November 30, 2017
Comcast and Charter Communications are reportedly in talks with Hulu to offer its on-demand content via their set-top boxes. Currently, Comcast offers Dish Network’s Sling TV, Netflix and YouTube with its X1 service, which offers voice-activated search for movies and TV shows. Comcast’s goal is to become a “one-stop shop” for digital video services, says company executive vice president Matt Strauss. Sources say that Charter is also on track to add Netflix via a new user interface for web video.
Bloomberg reports that, according to another source, “Altice USA, the fourth-largest U.S. cable provider, is also in talks with Netflix.” Altice currently offers, via its Altice One Cable system, Pandora streaming music and YouTube videos.

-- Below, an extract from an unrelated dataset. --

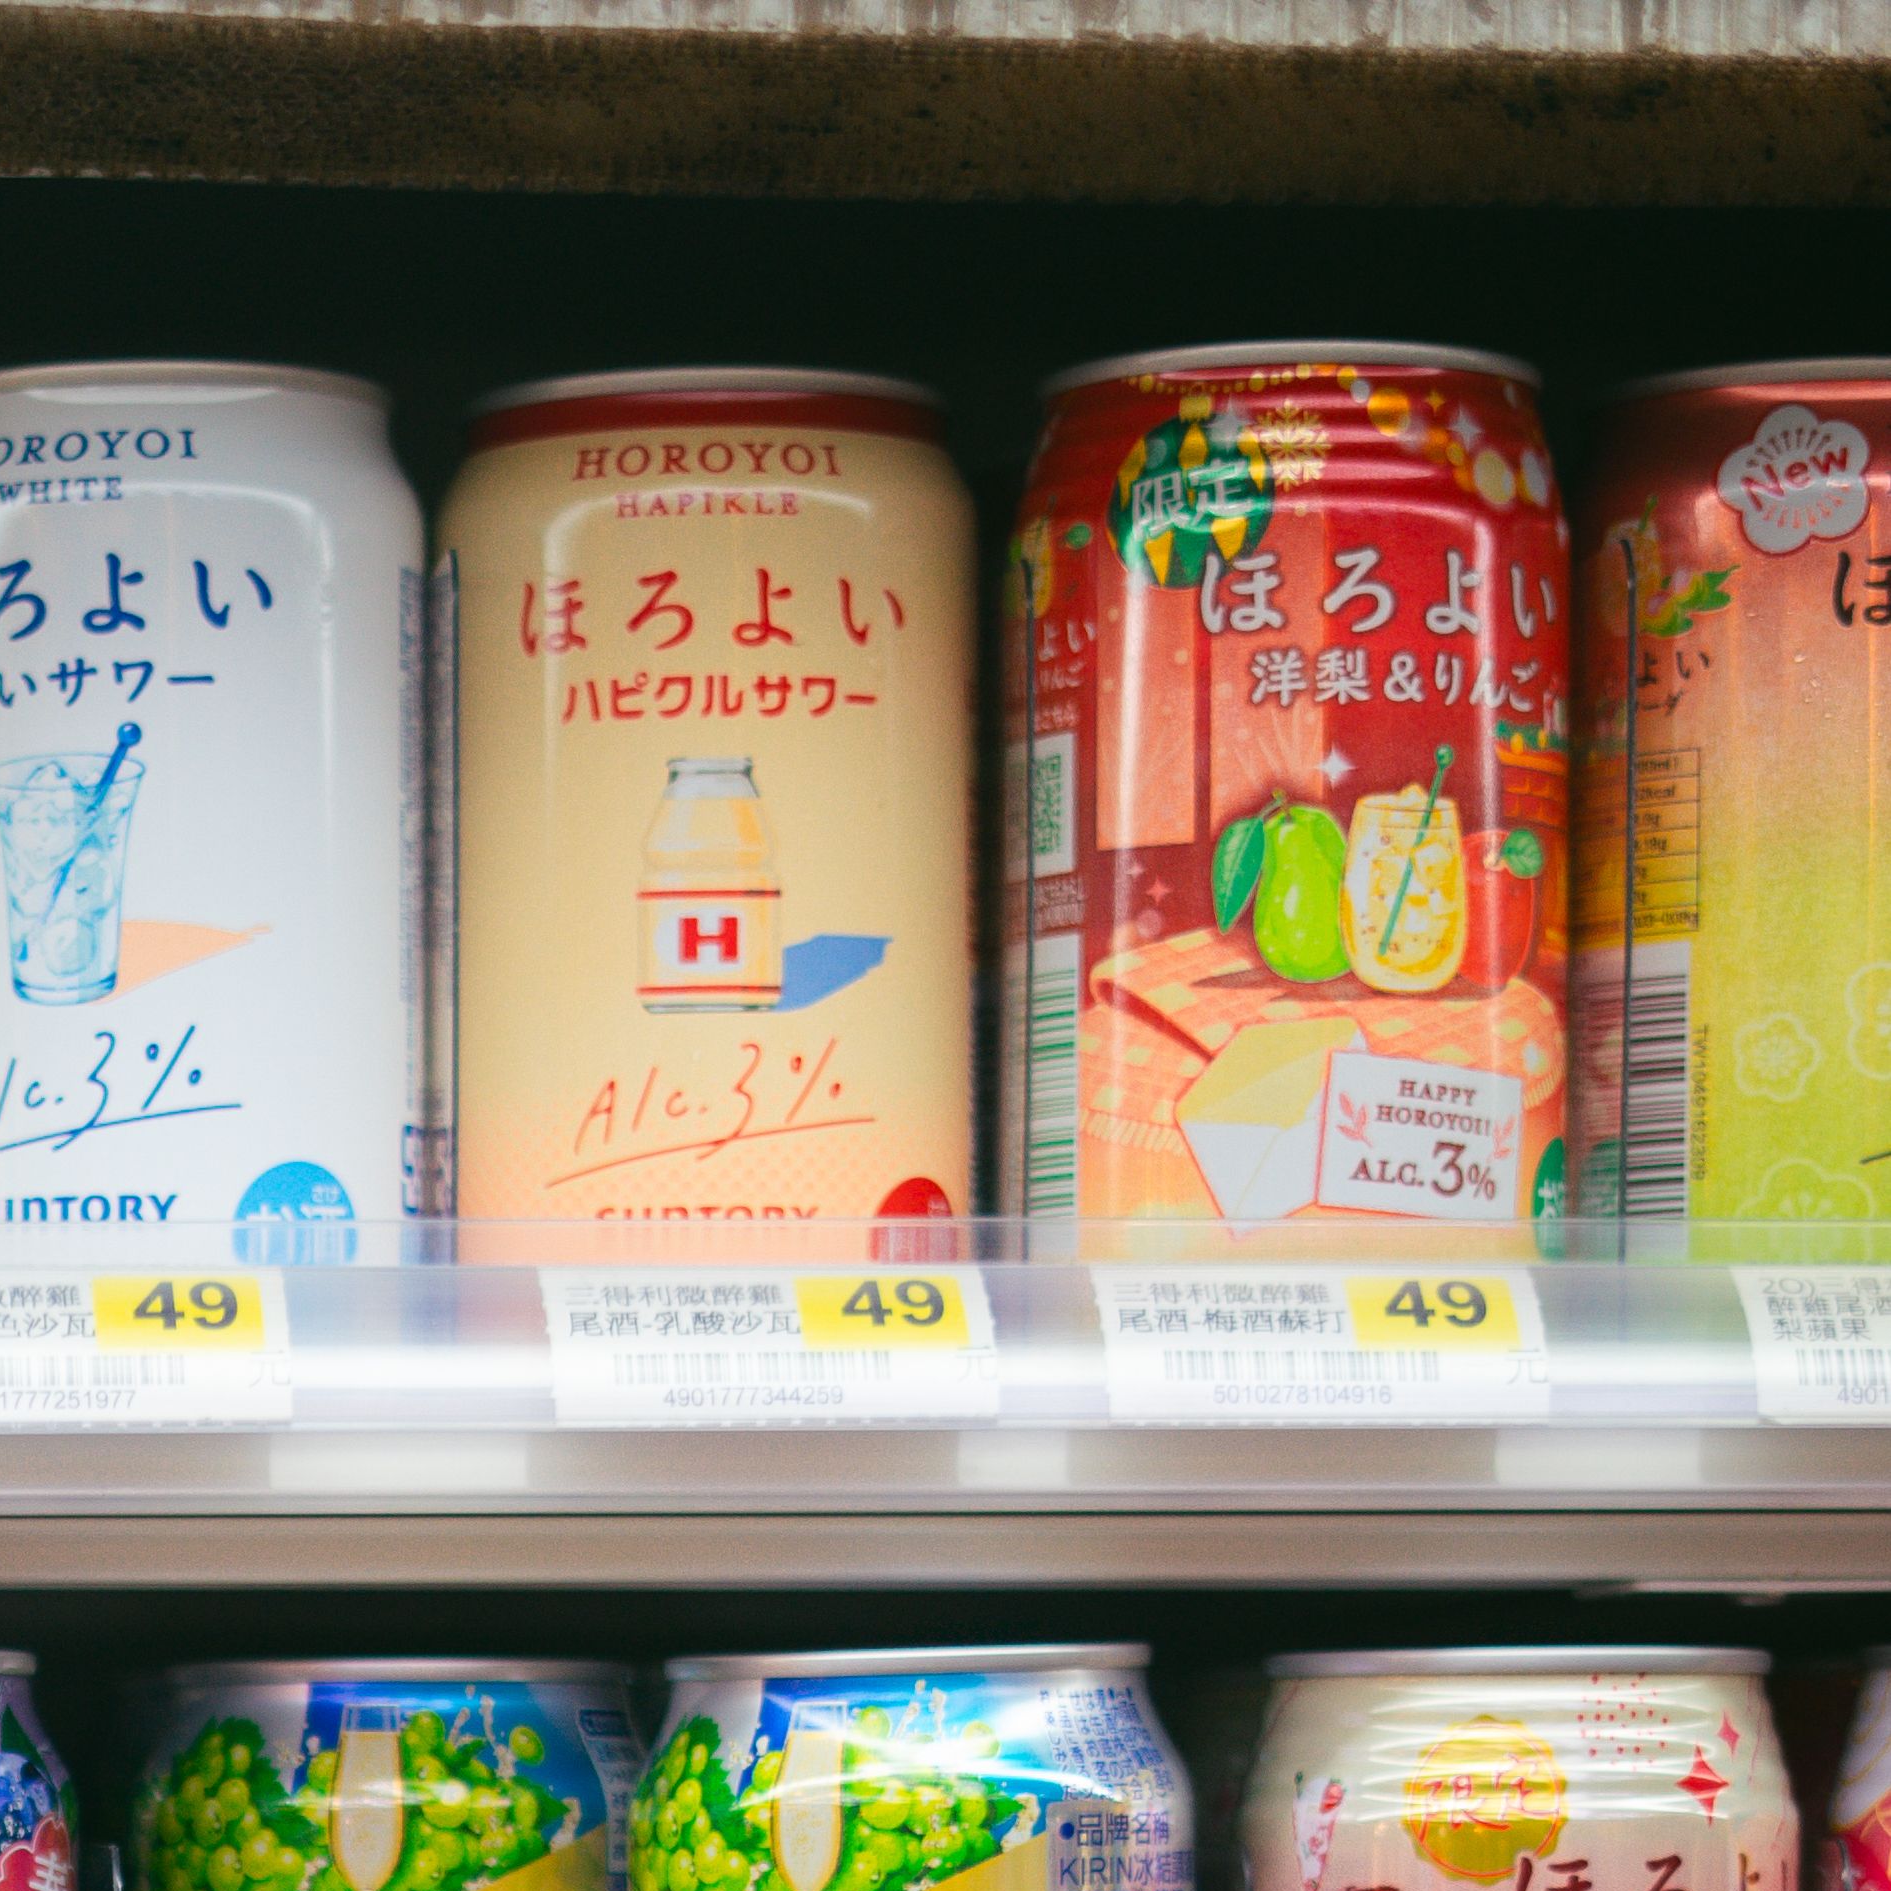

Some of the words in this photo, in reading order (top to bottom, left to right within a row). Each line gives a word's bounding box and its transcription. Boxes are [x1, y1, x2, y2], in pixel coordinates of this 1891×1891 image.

These examples are an indication that pay-TV companies no longer regard streaming services as “existential threats to their business,” but instead see them as a way to “stay relevant.” Cable providers are also offering new user guides that resemble “an iPhone or tablet screen, with tiles featuring various apps,” rather than a grid, to streamline the experience of “juggling remote controls or toggling between applications.”
To that end, Comcast is also “testing an app that lets subscribers access their cable service through Roku’s set-top boxes.”

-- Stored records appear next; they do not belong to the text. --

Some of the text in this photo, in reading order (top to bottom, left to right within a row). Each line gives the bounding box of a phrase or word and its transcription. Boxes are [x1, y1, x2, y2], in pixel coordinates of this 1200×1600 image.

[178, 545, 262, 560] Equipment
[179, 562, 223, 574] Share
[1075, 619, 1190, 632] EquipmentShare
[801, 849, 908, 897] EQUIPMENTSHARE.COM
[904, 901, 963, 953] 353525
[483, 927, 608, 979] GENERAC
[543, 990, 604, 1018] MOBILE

Integrating new apps requires complex negotiations, including “how to split revenue from new subscribers and who has access to viewer data.” There is a risk that viewers who spend a great deal of time watching Netflix or Hulu could “lead them to question why they’re still paying for cable,” but it is likely better for retention.
That’s relevant to Comcast, which lost 125,000 customers last quarter, and Charter, which lost 104,000 subscribers. Netflix, meanwhile, continues to ink deals, recently with “several telecommunications companies and pay-TV providers outside the U.S.,” including Deutsche Telekom.

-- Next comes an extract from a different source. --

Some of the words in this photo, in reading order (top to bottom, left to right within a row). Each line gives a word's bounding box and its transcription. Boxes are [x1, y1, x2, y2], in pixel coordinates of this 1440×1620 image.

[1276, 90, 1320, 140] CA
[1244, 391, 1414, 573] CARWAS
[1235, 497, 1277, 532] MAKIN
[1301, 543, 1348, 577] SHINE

With the new deals, Hulu, owned by four media companies including Comcast, will “get its videos in front of more people” and help it “tap into the $63 billion TV advertising market.” Netflix chief executive Reed Hastings said last year that a Comcast deal “was unlikely to boost his subscribers much because most Comcast customers already have the service” but that the deal “increases the word-of-mouth” and makes Netflix “easier to use.”